● **MATERIAL FOR THIS EXERCISE**
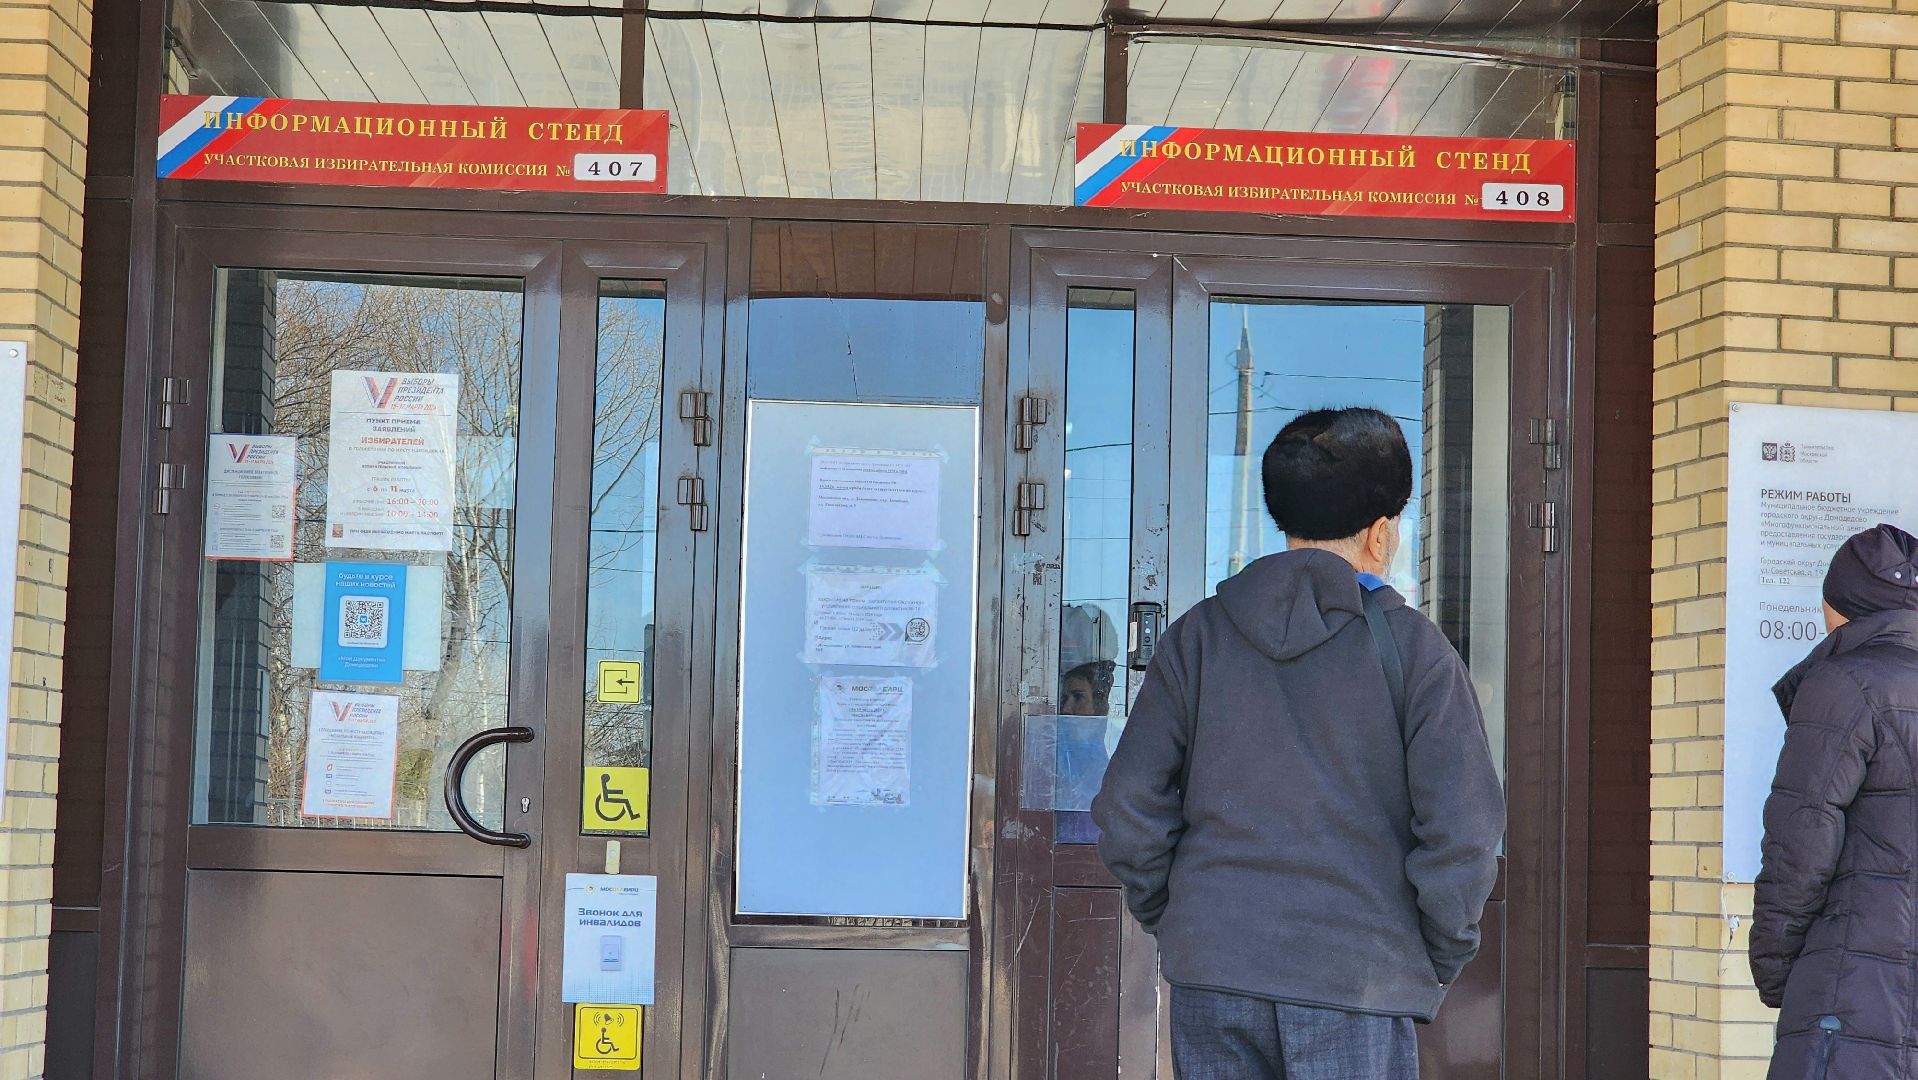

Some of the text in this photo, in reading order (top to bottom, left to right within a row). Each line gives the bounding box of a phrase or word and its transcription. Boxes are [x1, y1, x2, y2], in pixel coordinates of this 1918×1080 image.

[203, 110, 623, 144] ИНФОРМАЦИОННЫЙ СТЕНД
[1119, 139, 1531, 174] ИНФОРМАЦИОННЫЙ СТЕНД
[204, 153, 309, 168] УЧАСТКОВАЯ
[314, 157, 453, 174] ИЗБИРАТЕЛЬНАЯ
[458, 162, 548, 176] КОМИССИЯ
[556, 165, 570, 176] №
[1121, 181, 1224, 197] УЧАСТКОВАЯ
[1228, 186, 1363, 202] ИЗБИРАТЕЛЬНАЯ
[1368, 191, 1456, 205] КОМИССИЯ
[1464, 194, 1479, 206] №
[401, 377, 435, 386] ВЫБОРЫ
[397, 386, 445, 395] ПРЕЗИДЕНТА
[372, 425, 416, 433] ЗАЯВЛЕНИЙ
[361, 436, 425, 446] ИЗБИРАТЕЛЕЙ
[1761, 489, 1851, 503] РЕЖИМ РАБОТЫ
[1761, 501, 1815, 510] Муниципальное
[1817, 504, 1856, 512] бюджетное
[1760, 512, 1799, 520] городского
[1824, 514, 1867, 522] Домодедово
[1760, 557, 1796, 566] Городской
[1760, 601, 1822, 614] Понедельник
[578, 907, 643, 918] Звонок для
[579, 919, 641, 928] инвалидов

● **TASK DIRECTIONS**
Print every entry above verbatim but drop the images.

● **COMPLETED EXERCISE**
Some of the text in this photo, in reading order (top to bottom, left to right within a row). Each line gives the bounding box of a phrase or word and its transcription. Boxes are [x1, y1, x2, y2], in pixel coordinates of this 1918×1080 image.

[203, 110, 623, 144] ИНФОРМАЦИОННЫЙ СТЕНД
[1119, 139, 1531, 174] ИНФОРМАЦИОННЫЙ СТЕНД
[204, 153, 309, 168] УЧАСТКОВАЯ
[314, 157, 453, 174] ИЗБИРАТЕЛЬНАЯ
[458, 162, 548, 176] КОМИССИЯ
[556, 165, 570, 176] №
[1121, 181, 1224, 197] УЧАСТКОВАЯ
[1228, 186, 1363, 202] ИЗБИРАТЕЛЬНАЯ
[1368, 191, 1456, 205] КОМИССИЯ
[1464, 194, 1479, 206] №
[401, 377, 435, 386] ВЫБОРЫ
[397, 386, 445, 395] ПРЕЗИДЕНТА
[372, 425, 416, 433] ЗАЯВЛЕНИЙ
[361, 436, 425, 446] ИЗБИРАТЕЛЕЙ
[1761, 489, 1851, 503] РЕЖИМ РАБОТЫ
[1761, 501, 1815, 510] Муниципальное
[1817, 504, 1856, 512] бюджетное
[1760, 512, 1799, 520] городского
[1824, 514, 1867, 522] Домодедово
[1760, 557, 1796, 566] Городской
[1760, 601, 1822, 614] Понедельник
[578, 907, 643, 918] Звонок для
[579, 919, 641, 928] инвалидов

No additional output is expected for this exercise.